Nothing in this Section limits either Party’s right to seek temporary or preliminary injunctive relief from a court of competent jurisdiction to prevent immediate harm or preserve rights pending final resolution. The prevailing Party in any action under this Section may recover its reasonable attorneys’ fees, expert fees, and costs, unless prohibited by law.
13. Exhibits
All exhibits, schedules, or other documents attached to or listed below are deemed incorporated into and form part of this Agreement (“Exhibits”). An Exhibit is binding only if signed or initialed by both Parties, unless they agree in writing that signatures or initials are not required for that Exhibit. If there is any conflict between this Agreement and an Exhibit, this Agreement controls unless the Exhibit (a) expressly states the Section it overrides, (b) supplements or clarifies a specific Section on the same subject matter without contradicting it, or (c) is expressly referenced in that Section as controlling. The inclusion or listing of an Exhibit does not make it binding unless executed in accordance with this Section.
14. Definitions
All capitalized terms used throughout this Agreement refer to the meanings given in this Section or in any Exhibit that defines, clarifies, or replaces those terms. Terms relating to the Event, Services, or Schedule shall be interpreted consistently with the details specified in the Scope of Work Section (1) or any Exhibit that expressly replaces or supplements that Section, subject to the terms of the Exhibits Section. Any other undefined, altered, or inconsistent term shall be interpreted in accordance with the interpretive and continuity provisions of the Miscellaneous Section.
15. Miscellaneous
(i) Interpretation. Headings are for reference only and do not affect interpretation. Words in the singular include the plural where the context allows. References to persons include entities and vice versa. As used in this Agreement, the term “including” means “including, but not limited to,” and shall not limit the generality of the preceding language. This Agreement shall be interpreted according to its plain meaning and shall not be construed against either Party as the drafter.

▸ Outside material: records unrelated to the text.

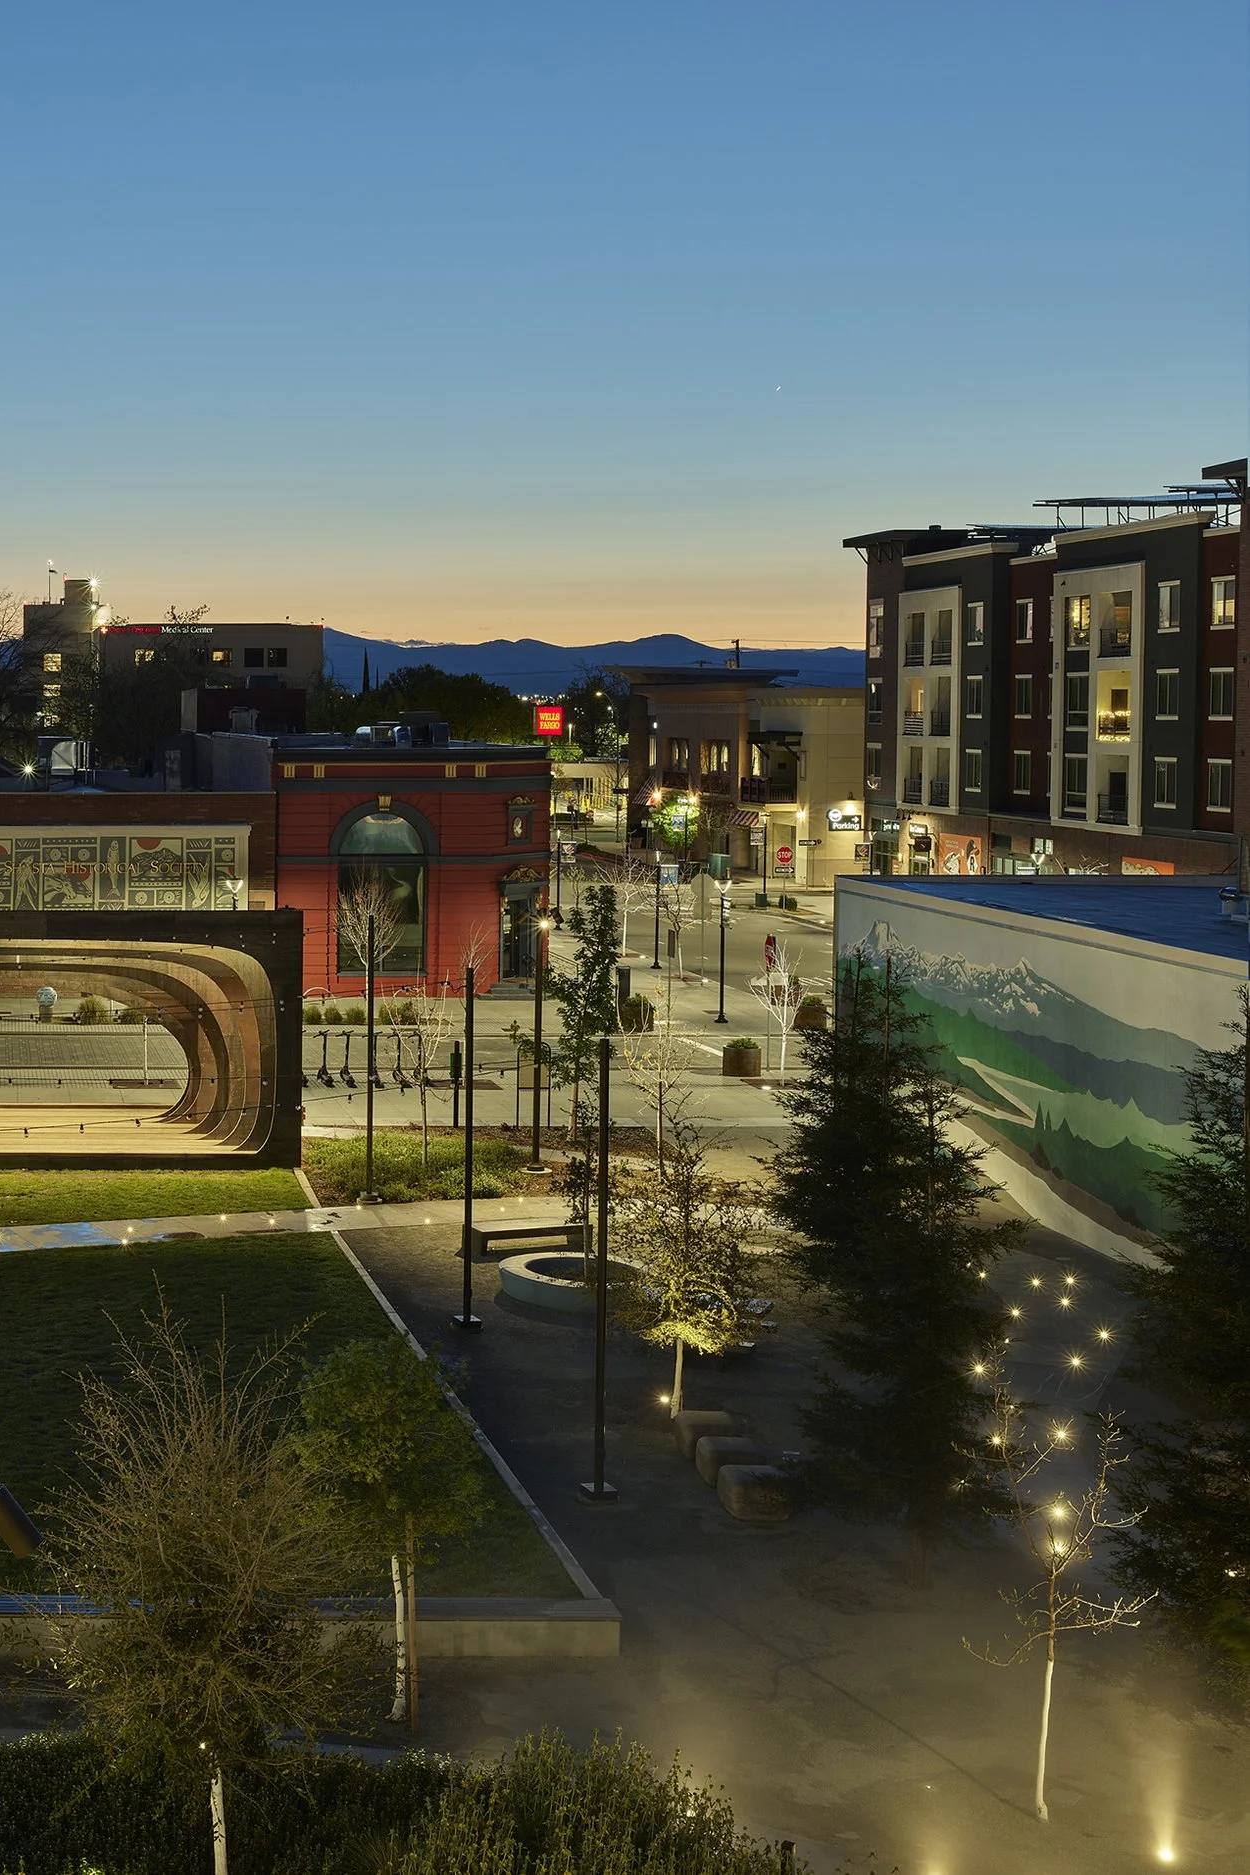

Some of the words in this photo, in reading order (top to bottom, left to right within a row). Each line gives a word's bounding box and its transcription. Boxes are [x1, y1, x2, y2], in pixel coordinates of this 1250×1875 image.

[161, 626, 189, 634] Medical
[190, 626, 214, 634] Center
[539, 713, 560, 721] WELLS
[539, 722, 560, 730] FARGO
[832, 823, 859, 831] Parking
[777, 851, 793, 859] STOP
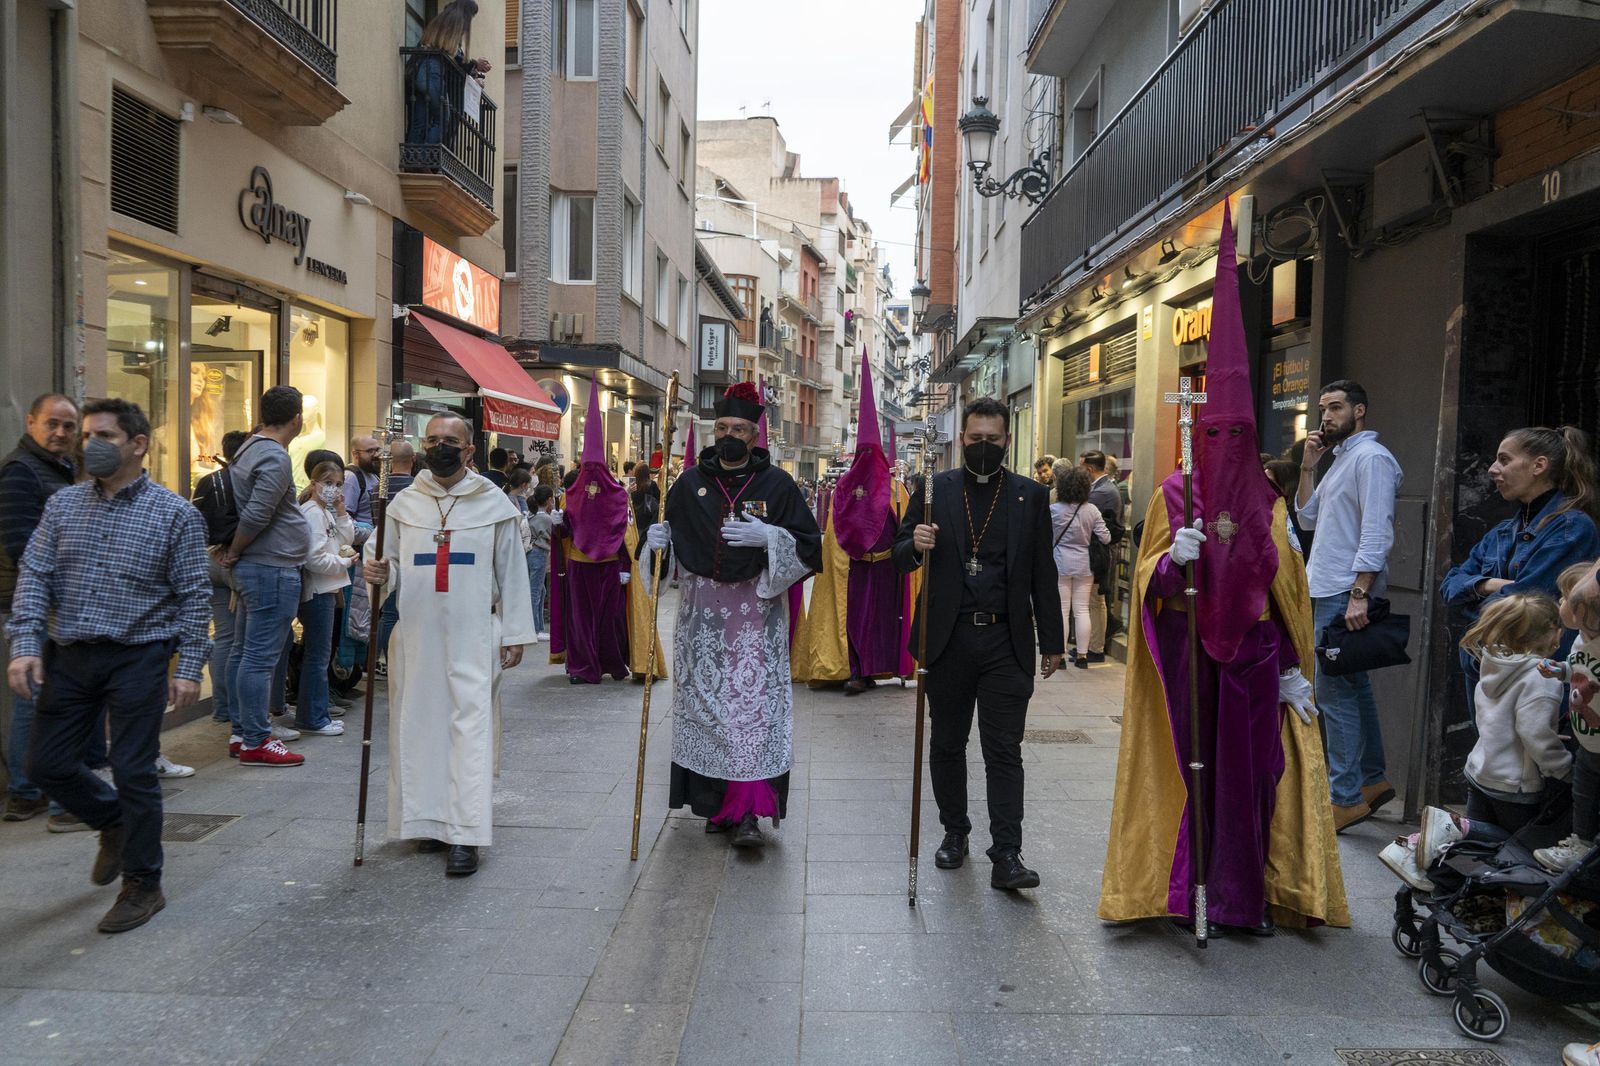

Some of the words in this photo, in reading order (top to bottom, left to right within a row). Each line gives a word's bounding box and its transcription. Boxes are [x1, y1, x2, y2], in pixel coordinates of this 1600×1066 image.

[1542, 171, 1560, 204] 10
[1272, 382, 1282, 396] en
[1272, 397, 1296, 410] Temporada
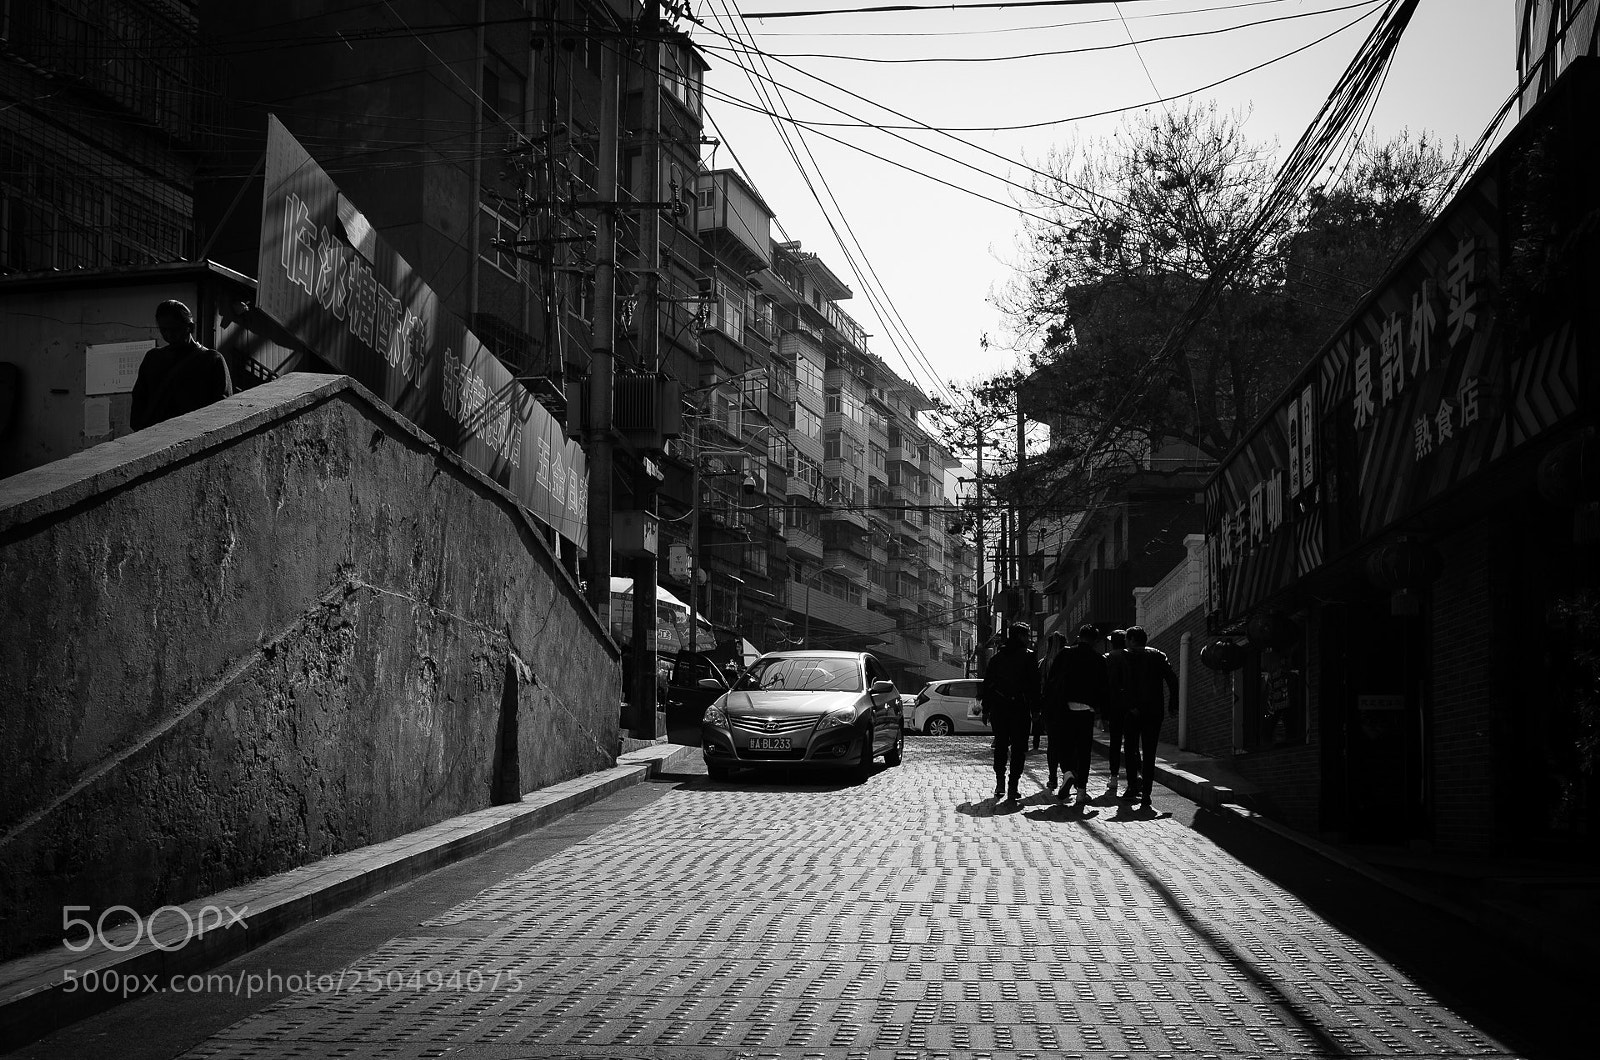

(ii) Fallback Definition. If any defined term in this Agreement, such as “Client,” “Caterer,” “Event,” “Services,” “Schedule”, or “Exhibit” is changed, replaced, or omitted in any draft or executed version of this Agreement or its Exhibits, those terms shall be interpreted by their plain meaning and context to refer to the same respective roles, occasions, obligations, and timeframes intended under this Agreement. This provision preserves enforceability and interpretive consistency without expanding, narrowing, or transferring either Party’s rights or obligations under this Agreement or any Exhibit.
(iii) Entire Agreement and Amendments. This Agreement, including all Exhibits, is the complete and exclusive statement of the Parties’ agreement and supersedes all prior or contemporaneous agreements, oral or written. It may be amended only by a written instrument signed by the Parties.
(iv) Execution. This Agreement may be executed in counterparts, each deemed an original, together forming one binding instrument. Electronic or scanned signatures are valid and enforceable.
(v) Assignment. No Party may assign this Agreement without the other’s written consent, except to a successor by merger, reorganization, or sale of substantially all assets, provided the successor assumes all obligations in writing.
(vi) Waiver and Severability. This Agreement binds only the Parties and creates no third-party rights. Invalid provisions do not affect the remainder, and any failure to enforce a term once does not waive future enforcement.
(vii) Notices. All notices must be in writing and delivered by hand, courier with proof of delivery, certified or registered mail with return receipt, or by email to the addresses most recently designated in writing. Notice is effective upon confirmed delivery or successful email transmission without bounce-back.
(vii) Survival. Obligations concerning indemnification, confidentiality, limitation of liability, intellectual property, and dispute resolution survive termination.
(viii) Time of the Essence. Time is of the essence for all performance under this Agreement.